1. Stock trading software: Currently, the four commonly used software on the market are Tongdaxin, Dazhihui, Dongfang Wealth, and Tonghuashun. You can download the basic versions of various software online, but if you need to analyze the disk more carefully, it is best to have Level 2 tools as assistance, as more data will be provided.
2. Yin Yang Line: This is the display of the daily opening and closing prices of stocks, presented on the market in the form of Yin Yang lines.
3. Time of use trend: Real time display of stock trading information on a graph using a curve. The horizontal axis represents the opening time, the upper half of the vertical axis represents the stock price or index, and the lower half displays the trading volume.
4. Moving average: Lines of different colors displayed on the market, usually default to white, yellow, pink, and green as concentrated colors, respectively referring to the average prices of 5, 10, 20, and 60 days.
5. Trading volume: refers to the specific number of transactions during a certain period, with high trading volume and rising prices of stocks showing a positive trend. If the trading volume remains low, it usually occurs during a bear market or stock consolidation stage, which leads to inactive trading.
The market information contains a wide range of information, which is both an entry-level foundation and an upgrade skill. As an essential tool for stock trading, it is also necessary to master proficiently information such as internal and external market, commission to volume ratio, and turnover rate in the market language.
2、 What are the tips for getting started with stock trading?
Firstly, master the basic terminology and nouns
Learn to read stock market trends and understand the meanings of common terms such as volume ratio and commission ratio. Novice investors can learn more investment techniques commonly used in the stock market.

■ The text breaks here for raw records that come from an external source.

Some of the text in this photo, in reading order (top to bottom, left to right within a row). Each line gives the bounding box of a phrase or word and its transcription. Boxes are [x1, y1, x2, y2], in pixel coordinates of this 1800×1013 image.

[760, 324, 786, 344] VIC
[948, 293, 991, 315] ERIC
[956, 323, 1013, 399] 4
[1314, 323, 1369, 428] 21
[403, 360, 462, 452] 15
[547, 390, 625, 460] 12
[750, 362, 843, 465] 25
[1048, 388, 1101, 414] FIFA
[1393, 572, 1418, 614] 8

Secondly, understand the basic information and trading rules of securities firms
Understand the basic information of stock trading rules, stock codes, ex rights and ex dividends, earnings per share, regular reports published by listed companies, and viewing company announcements formulated by securities firms.

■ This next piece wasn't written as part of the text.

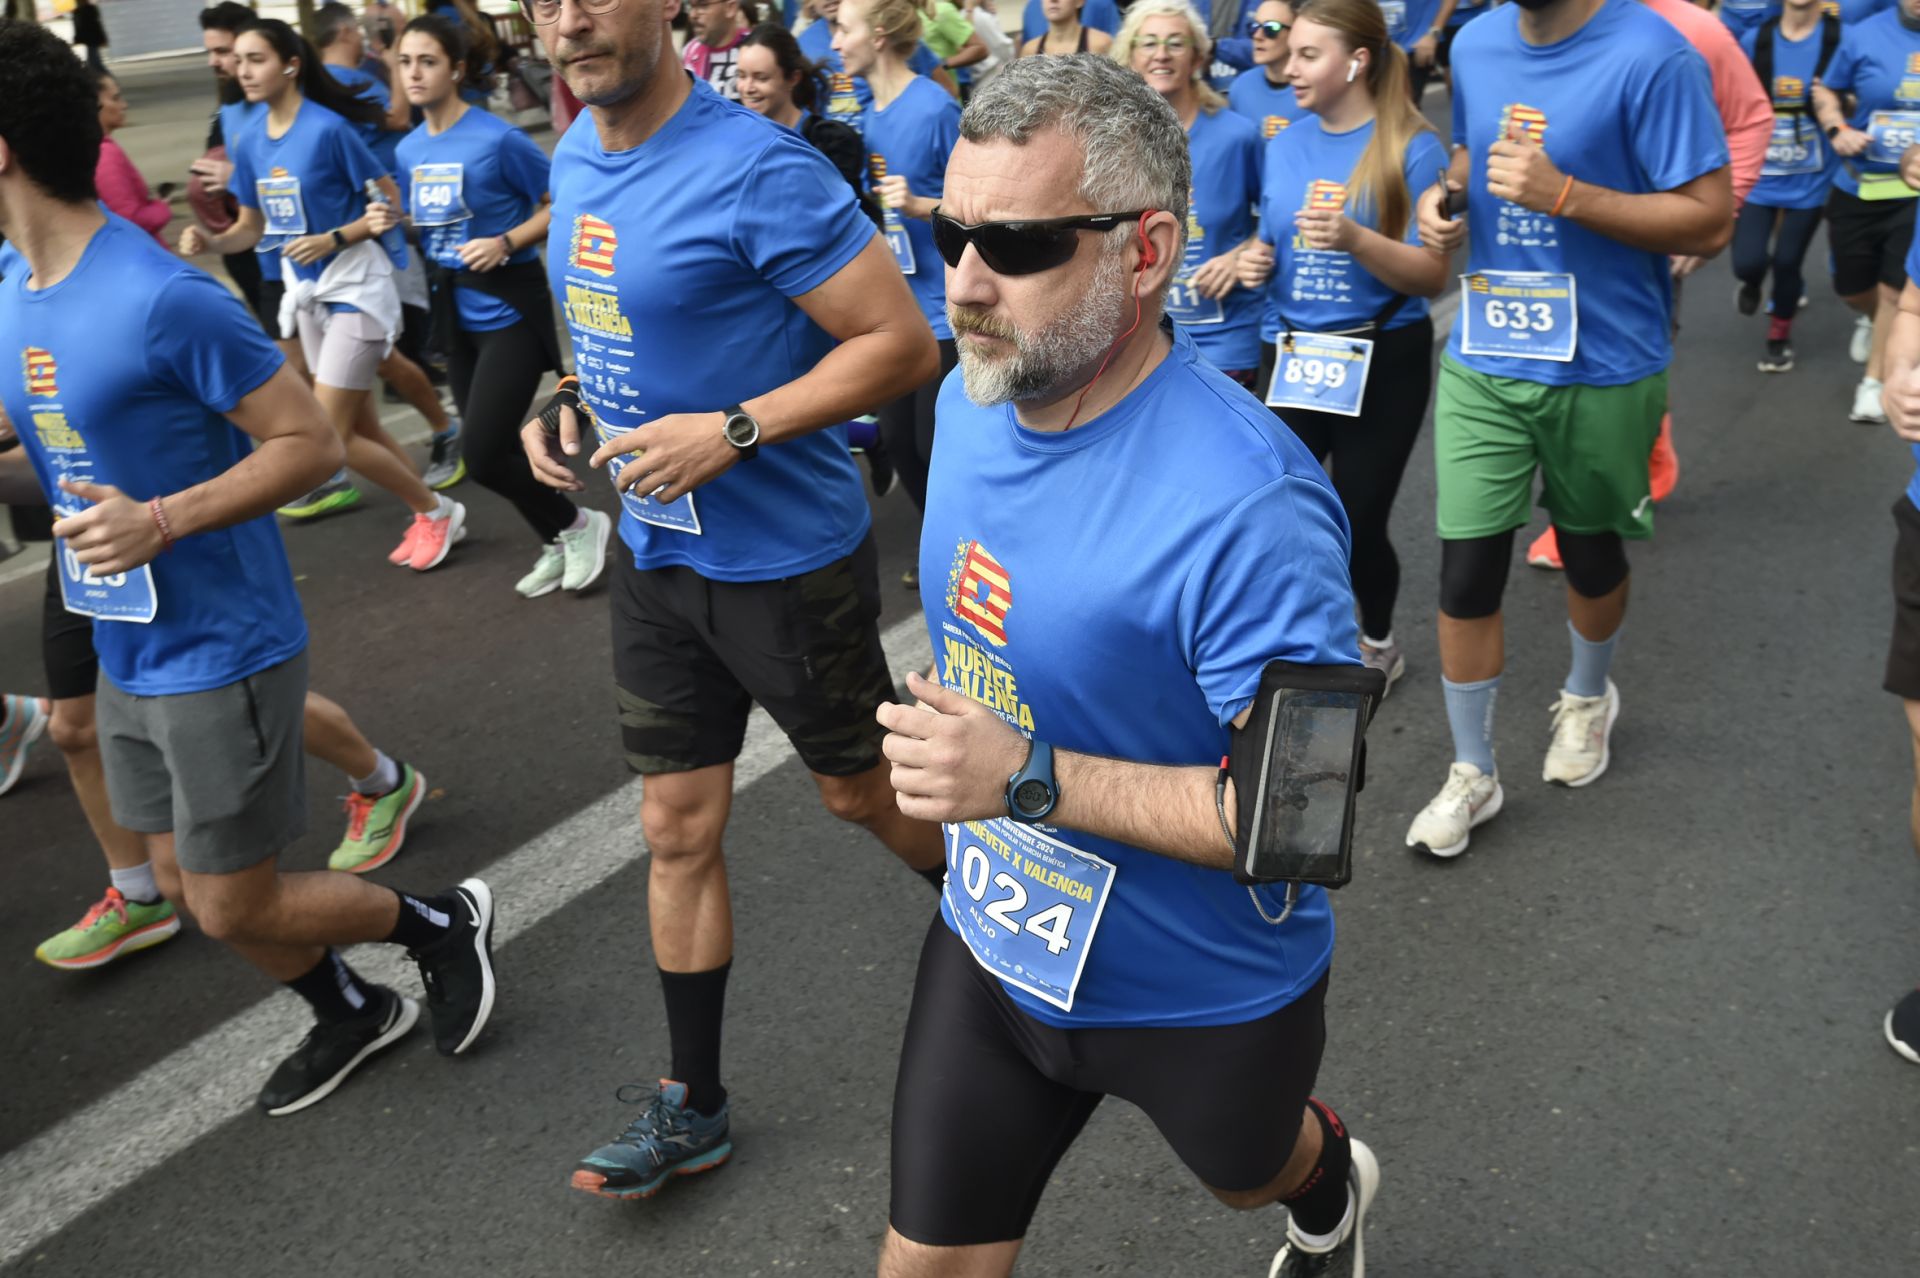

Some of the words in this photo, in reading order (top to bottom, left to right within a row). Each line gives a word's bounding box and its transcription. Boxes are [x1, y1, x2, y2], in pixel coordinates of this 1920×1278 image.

Thirdly, arrange time reasonably
The fluctuation of stock market is influenced by policy and industry fundamentals, and this information changes every day. Analyzing this data is a continuous task, so it is necessary to arrange time and energy reasonably to do this.
Fourth, make reasonable arrangements based on one's own funds
Novice stock traders should recognize the risks of the stock market and be cautious when entering the market. Therefore, fund allocation is very important, and all funds should not be invested in stocks, or even have the idea of borrowing money or selling houses to speculate in stocks.
Fifth, maintain a positive investment mindset
The frequency of stock market fluctuations is fast, and it may rise to the peak or fall to the bottom. New investors should learn to control their emotions and not be disturbed by the behavior of those around them. A good investment mentality is the key to successful investment.
In summary, we know that stock trading has a long way to go and there are also many things to learn. It is crucial to always maintain an open-minded learning attitude and have a positive mindset. Additionally, it is important to remind investors to be cautious during the investment process.